Just think for a moment about a different scenario. Pretend that your father is at a very advanced stage of cancer, and only has a day or two to live. You go to visit him, wagging your finger in his face and telling him that everyone is wrong about that terminal diagnosis; he surely will not die from cancer, so he’d better stop thinking about such nonsense. I suspect that if the man in bed had the strength to do it, he would just roll his eyeballs and wonder what kind of a child he had raised!
Now look at today’s scenario. Jesus has just told the apostles that he would be killed when they got to Jerusalem, but would be raised from the dead. Picture the apostle Peter taking Jesus aside, wagging his finger in his face in a very scolding, reprimanding way [that is what the word “rebuke” means], and telling him that he has to stop talking such nonsense. After all, it doesn’t fit the “victorious warrior” image that applies to the Messiah. Jesus didn’t lose a heartbeat. He immediately told Peter to get out of his way; Peter was acting like a “Satan,” an obstacle in his path.

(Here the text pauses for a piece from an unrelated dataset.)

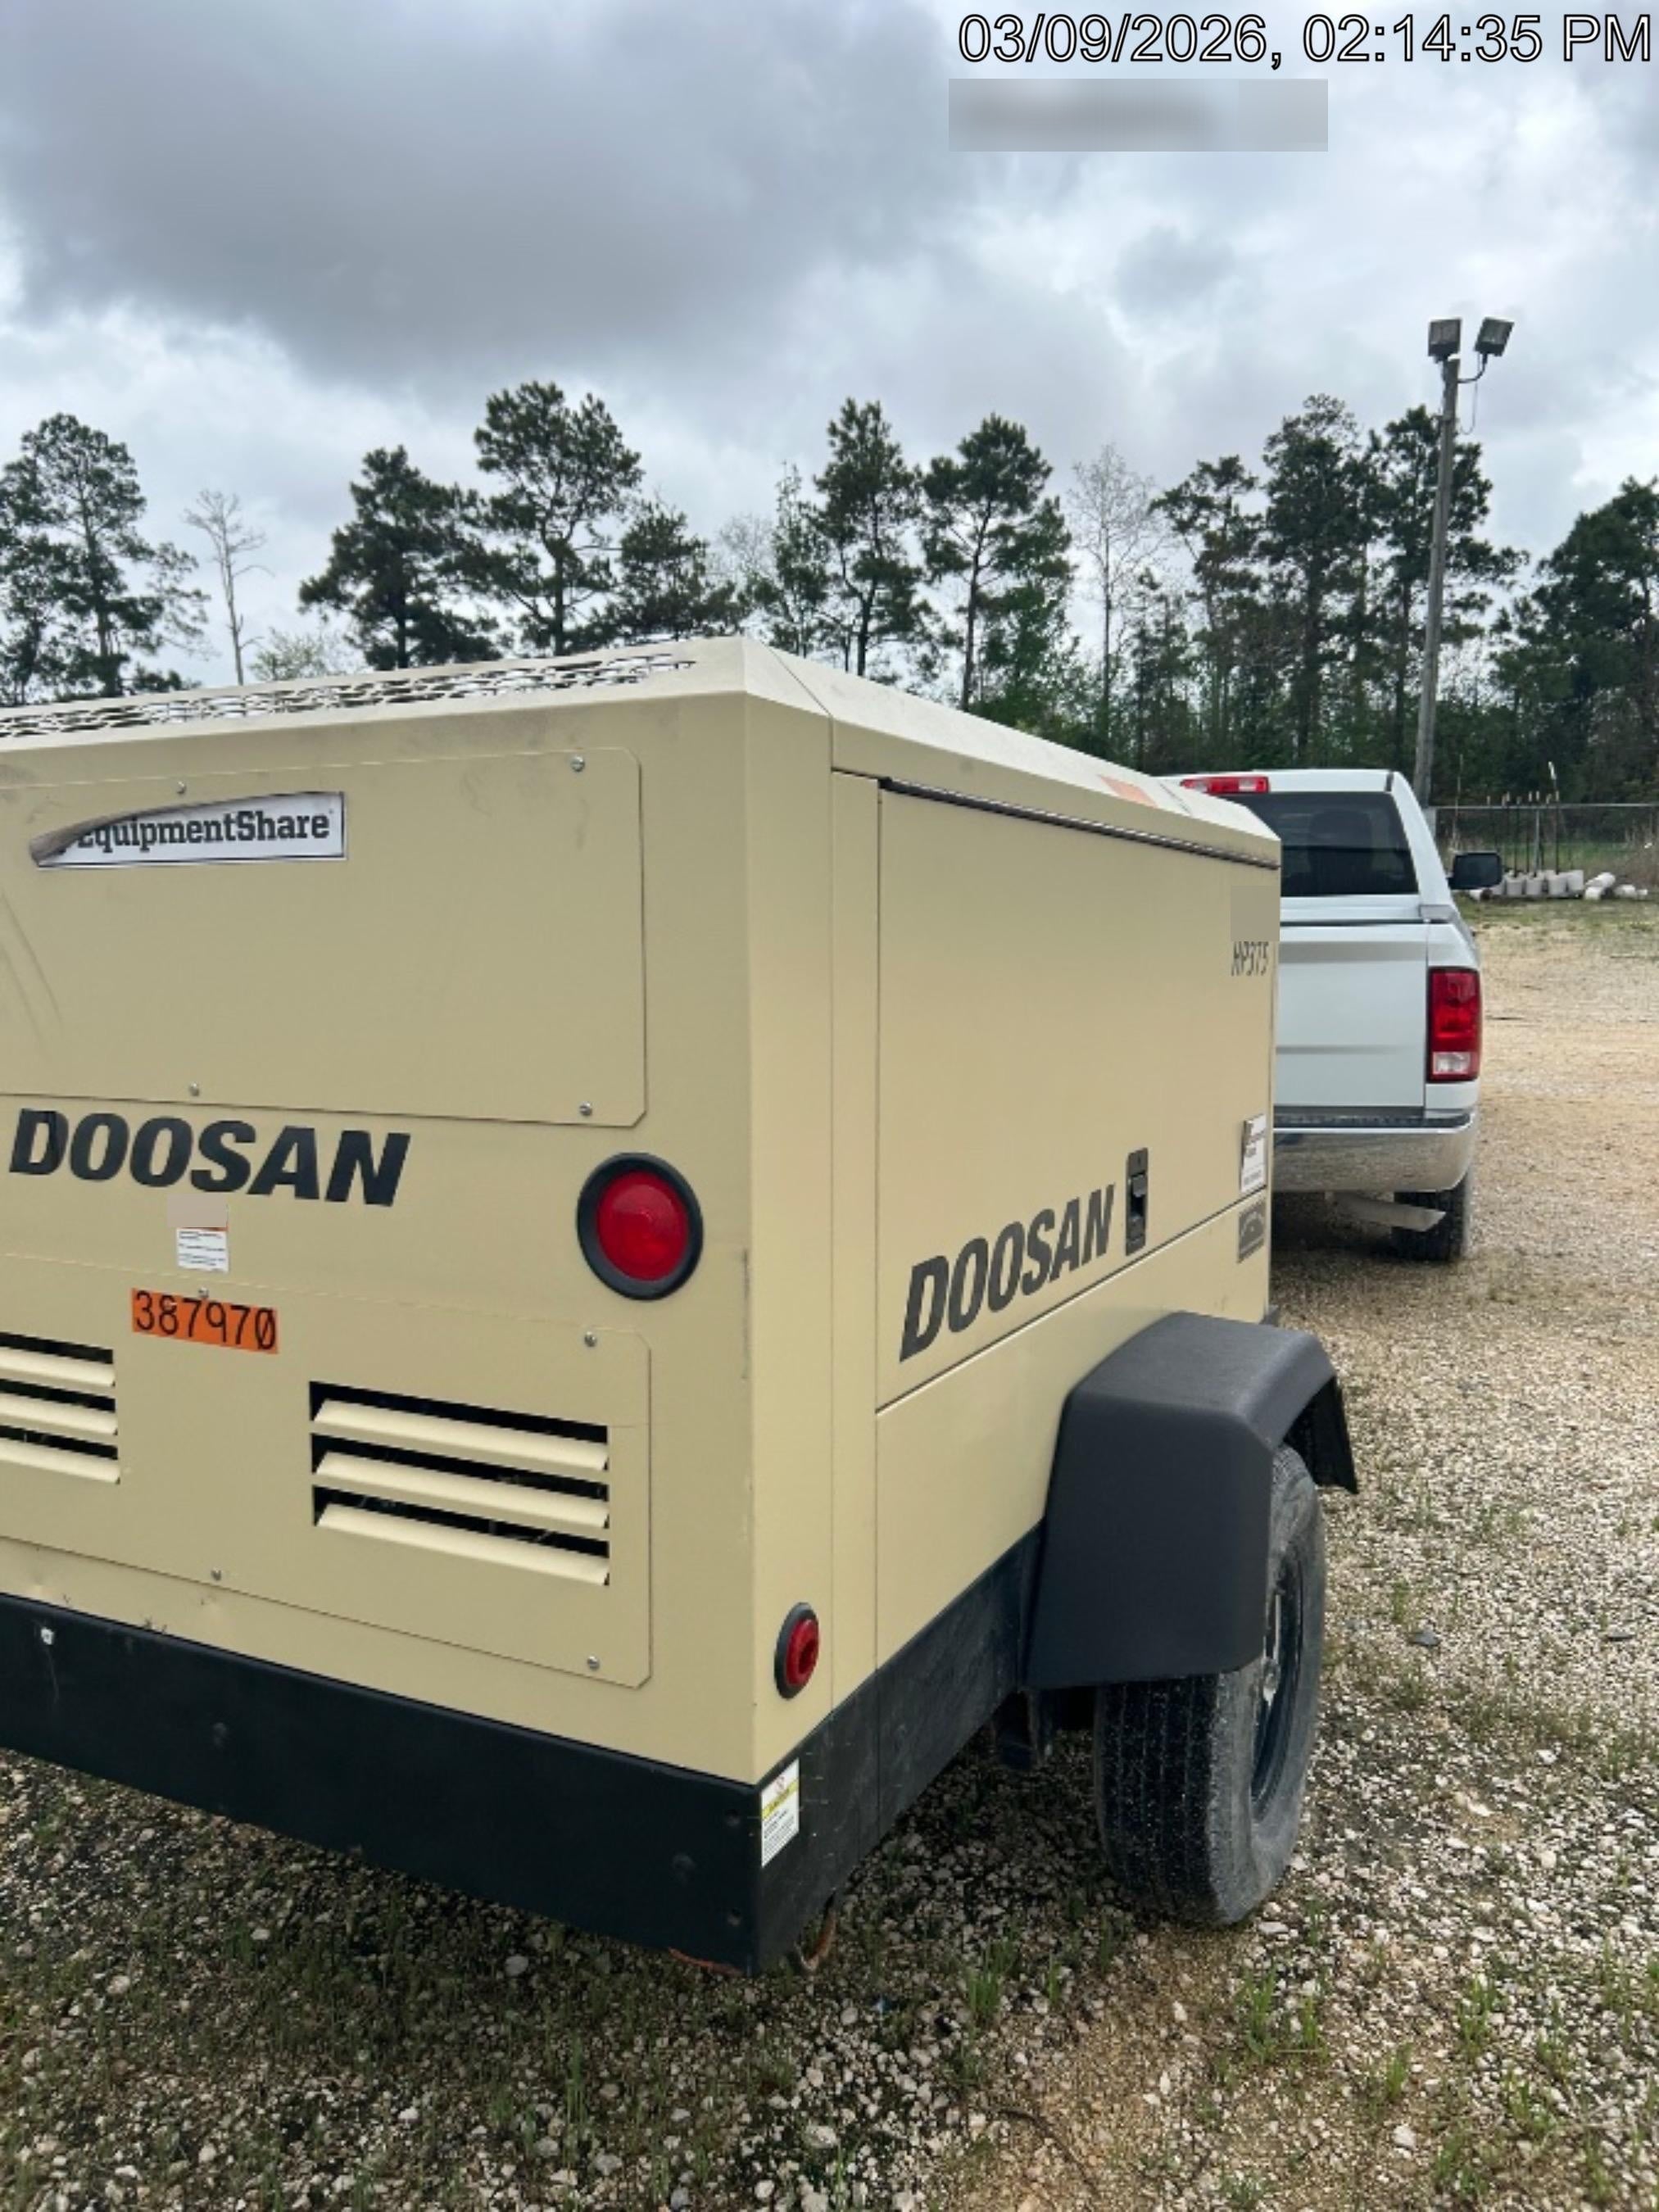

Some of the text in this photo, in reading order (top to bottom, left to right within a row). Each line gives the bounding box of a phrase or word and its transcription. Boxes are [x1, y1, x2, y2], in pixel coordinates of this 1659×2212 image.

[9, 1108, 410, 1207] DOOSAN
[135, 1290, 278, 1350] 387970
[899, 1182, 1115, 1362] DOOSAN

Peter just didn’t “get it.” To be Messiah did not mean to receive power and glory in the political or military sense expected by us humans. Rather, Jesus came to teach us that Messiahship means self-sacrifice and self-giving. If that is true for the Messiah, then it’s also true for his followers! Peter, along with you and I have to rethink what it means to be a true Disciple. There’s no room for seeking honour and glory; there is only room for self-sacrificing love. Your home and your workplace are the testing grounds to prove your ability to effectively use that weapon of love.
However, Peter’s scorn for Jesus’ prediction would soon change to recognition of the need to “deny self” and follow Jesus, even with our crosses. This actually makes us “partners” in this redemptive mystery.